前回、金沢にて、(素晴らしいスイスのローザンヌ工科大学院生のおかげで!)無事に日本語教師デビューを果たしたところまでお話しました。その後に待ち構えていた試練のお話をする前に、私が所属していた団体についてお話させて下さい。なぜならリンゴ•インスティテュートを創る際に目指していたのが正にその団体の姿そのものだったからです。

「金沢を世界へひらく市民の会」という長い名前のその団体は、外国人への日本語指導等を通じ、地域の国際化を進める草の根国際交流団体でした。1981年にはサントリー地域文化賞を受賞。会についての内容や歩みがコンパクトにまとまっていますので、サントリー文化財団のHPに掲載された活動詳細を転載させて頂きます。⬇️

日本語学習のために
世界から金沢へ

 日本の伝統文化を今なお色濃く残す加賀百万石の城下町金沢。

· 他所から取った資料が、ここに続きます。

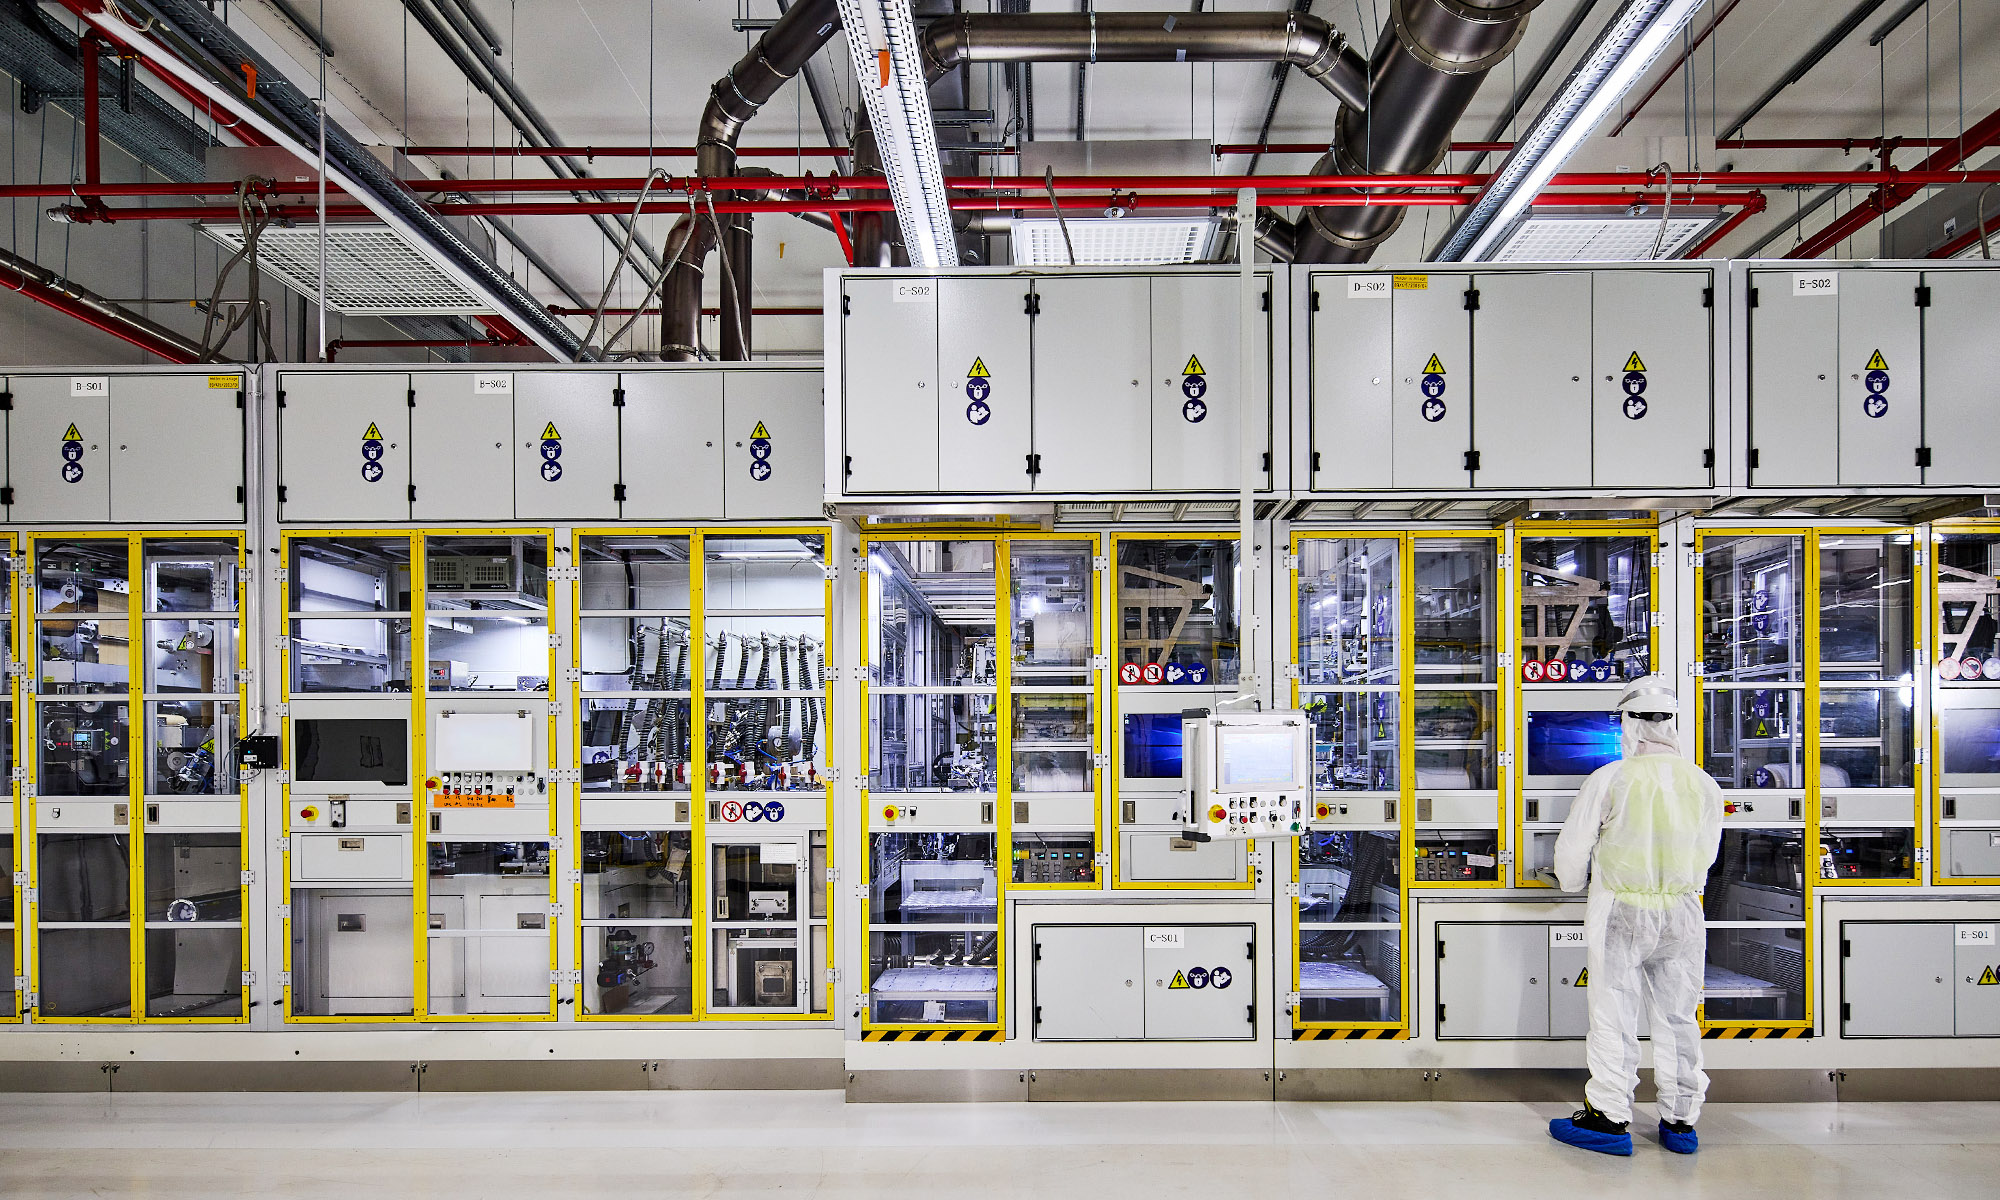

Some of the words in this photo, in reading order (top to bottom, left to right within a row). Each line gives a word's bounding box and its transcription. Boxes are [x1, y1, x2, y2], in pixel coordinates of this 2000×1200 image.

[1353, 282, 1385, 292] D-S02
[1799, 278, 1831, 289] E-S02
[899, 286, 930, 296] C-S02
[75, 382, 103, 391] B-S01
[479, 379, 507, 389] B-S02
[1150, 934, 1178, 943] C-S01
[1555, 932, 1584, 941] D-S01
[1960, 930, 1989, 940] E-S01

1977年、この金沢に「世界へひらく」という地球的視野の市民の会が誕生した。新しい金沢の創造には、過去の伝統や遺産にしがみついているだけでなく、世界の広がりの中で金沢を見つめ直すことが大切だ。そのためには、東京を介することなく直接世界と交流し、異質文化との触れ合いを求めていこうというのが主旨である。

 発端は、アメリカ人女性ルース・スティーブンスさんが金沢の英文ガイドブックを作ろうとしたことにある。これに協力したメンバーが、金沢の国際化という同じ思いで結成したのがこの会。最初の事業は同女史の執筆したガイドブック『金沢―もう一面の日本』の刊行だが、外国人が書いたこの種の本としては、東京、京都、鎌倉に次いで4番目。これまでに、約2万部を売っており、ちょっとしたベストセラーとなった。

 また、和文と英文の対訳で構成した新聞「カナザワ・コミュニケ」では、金沢市民はもとより金沢を訪れた外国人へのインタビューや、海外からの寄稿など、内外の人たちの眼を通したユニークな日本文化論、金沢の将来像などが論じられている。「金沢を世界へひらく市民の会」は固定的な会員制度はとらず、「コミュニケ」の読者がすなわち会員であるという考えのオープンな市民の組織。編集などの実務は、会の実質的推進者である東京生まれの松田園子さんを中心に、10名のスタッフがあたっている。

 「コミュニケ」での日本語教師養成講座の提唱が土台となり、1983年から「外国人のための日本語講座」を開催。 日本の内外から国籍も異なる外国人が約1ヵ月間金沢市とその周辺で過し、日常生活を通し日本語を身につけるというこの企画は大変な人気を呼び、年間170人の受講者を集めた。そしてこのきっかけとなったのが、日本語の先生を求めるペルーの一女子学生の「コミュニケ」への投書であった。この声に応えて、教師になろうと考えた市民が100名以上も集まり、その後も「日本語学習は金沢で」という金沢の人達の意気込みが年々高まっていった。

 地方都市における国際化活動の一つの方向として、「市民の会」の活動は、伝統文化の都市金沢が自らを見つめ直す機運を生み、投じられた一石は各地に波紋を広げた。
(以上サントリー文化財団HPより)

そして1987年には国際交流基金の地球市民賞🌏も受賞。会の発足当時、実質的な会の推進者である松田園子事務局長は、東京から金沢へ嫁いで来たいわゆる”よそ者”で、”よそ者に金沢の何がわかるのか”と陰口を叩かれたとも聞いています。よそ者だったからこそ発見できた金沢の魅力を松田氏の行動力で世界へ発信した事により現在の金沢が在ると言っても過言では無いと私は信じています。この会に、そして松田氏に出会えた事は本当に私にとって大きな意味があります。